__Work required__: Transcribe each line below word for word.
--- START ---
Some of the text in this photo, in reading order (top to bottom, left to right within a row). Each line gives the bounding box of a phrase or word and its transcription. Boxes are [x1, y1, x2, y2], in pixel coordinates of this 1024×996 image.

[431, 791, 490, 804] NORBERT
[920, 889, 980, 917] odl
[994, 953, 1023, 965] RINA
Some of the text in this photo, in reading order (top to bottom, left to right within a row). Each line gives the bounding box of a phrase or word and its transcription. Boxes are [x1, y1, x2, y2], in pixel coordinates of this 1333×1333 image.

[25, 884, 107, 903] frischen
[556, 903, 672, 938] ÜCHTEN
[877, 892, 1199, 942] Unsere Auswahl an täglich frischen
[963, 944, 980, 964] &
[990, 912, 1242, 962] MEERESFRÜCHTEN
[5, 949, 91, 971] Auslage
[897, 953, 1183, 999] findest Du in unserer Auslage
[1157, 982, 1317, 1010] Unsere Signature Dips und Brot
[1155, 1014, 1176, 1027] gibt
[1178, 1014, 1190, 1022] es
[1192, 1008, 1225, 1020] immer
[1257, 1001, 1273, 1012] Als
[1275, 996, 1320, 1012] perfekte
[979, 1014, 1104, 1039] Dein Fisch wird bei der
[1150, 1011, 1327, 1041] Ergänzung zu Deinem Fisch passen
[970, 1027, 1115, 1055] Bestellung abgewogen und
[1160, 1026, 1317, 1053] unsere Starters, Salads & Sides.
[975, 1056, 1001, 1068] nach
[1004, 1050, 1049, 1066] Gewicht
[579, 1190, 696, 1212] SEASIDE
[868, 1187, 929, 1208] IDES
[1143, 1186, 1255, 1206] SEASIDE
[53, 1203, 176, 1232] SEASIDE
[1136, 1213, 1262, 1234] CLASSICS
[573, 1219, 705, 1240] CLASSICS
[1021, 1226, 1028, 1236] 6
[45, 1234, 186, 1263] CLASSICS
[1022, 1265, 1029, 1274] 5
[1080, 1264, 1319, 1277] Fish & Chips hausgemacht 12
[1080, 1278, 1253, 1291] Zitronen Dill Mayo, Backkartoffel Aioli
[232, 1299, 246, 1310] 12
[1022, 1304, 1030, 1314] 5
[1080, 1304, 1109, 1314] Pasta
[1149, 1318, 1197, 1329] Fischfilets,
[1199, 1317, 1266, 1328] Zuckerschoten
--- END ---
__Output below__:
Some of the text in this photo, in reading order (top to bottom, left to right within a row). Each line gives the bounding box of a phrase or word and its transcription. Boxes are [x1, y1, x2, y2], in pixel coordinates of this 1024×996 image.

[431, 791, 490, 804] NORBERT
[920, 889, 980, 917] odl
[994, 953, 1023, 965] RINA
Some of the text in this photo, in reading order (top to bottom, left to right within a row). Each line gives the bounding box of a phrase or word and its transcription. Boxes are [x1, y1, x2, y2], in pixel coordinates of this 1333×1333 image.

[25, 884, 107, 903] frischen
[556, 903, 672, 938] ÜCHTEN
[877, 892, 1199, 942] Unsere Auswahl an täglich frischen
[963, 944, 980, 964] &
[990, 912, 1242, 962] MEERESFRÜCHTEN
[5, 949, 91, 971] Auslage
[897, 953, 1183, 999] findest Du in unserer Auslage
[1157, 982, 1317, 1010] Unsere Signature Dips und Brot
[1155, 1014, 1176, 1027] gibt
[1178, 1014, 1190, 1022] es
[1192, 1008, 1225, 1020] immer
[1257, 1001, 1273, 1012] Als
[1275, 996, 1320, 1012] perfekte
[979, 1014, 1104, 1039] Dein Fisch wird bei der
[1150, 1011, 1327, 1041] Ergänzung zu Deinem Fisch passen
[970, 1027, 1115, 1055] Bestellung abgewogen und
[1160, 1026, 1317, 1053] unsere Starters, Salads & Sides.
[975, 1056, 1001, 1068] nach
[1004, 1050, 1049, 1066] Gewicht
[579, 1190, 696, 1212] SEASIDE
[868, 1187, 929, 1208] IDES
[1143, 1186, 1255, 1206] SEASIDE
[53, 1203, 176, 1232] SEASIDE
[1136, 1213, 1262, 1234] CLASSICS
[573, 1219, 705, 1240] CLASSICS
[1021, 1226, 1028, 1236] 6
[45, 1234, 186, 1263] CLASSICS
[1022, 1265, 1029, 1274] 5
[1080, 1264, 1319, 1277] Fish & Chips hausgemacht 12
[1080, 1278, 1253, 1291] Zitronen Dill Mayo, Backkartoffel Aioli
[232, 1299, 246, 1310] 12
[1022, 1304, 1030, 1314] 5
[1080, 1304, 1109, 1314] Pasta
[1149, 1318, 1197, 1329] Fischfilets,
[1199, 1317, 1266, 1328] Zuckerschoten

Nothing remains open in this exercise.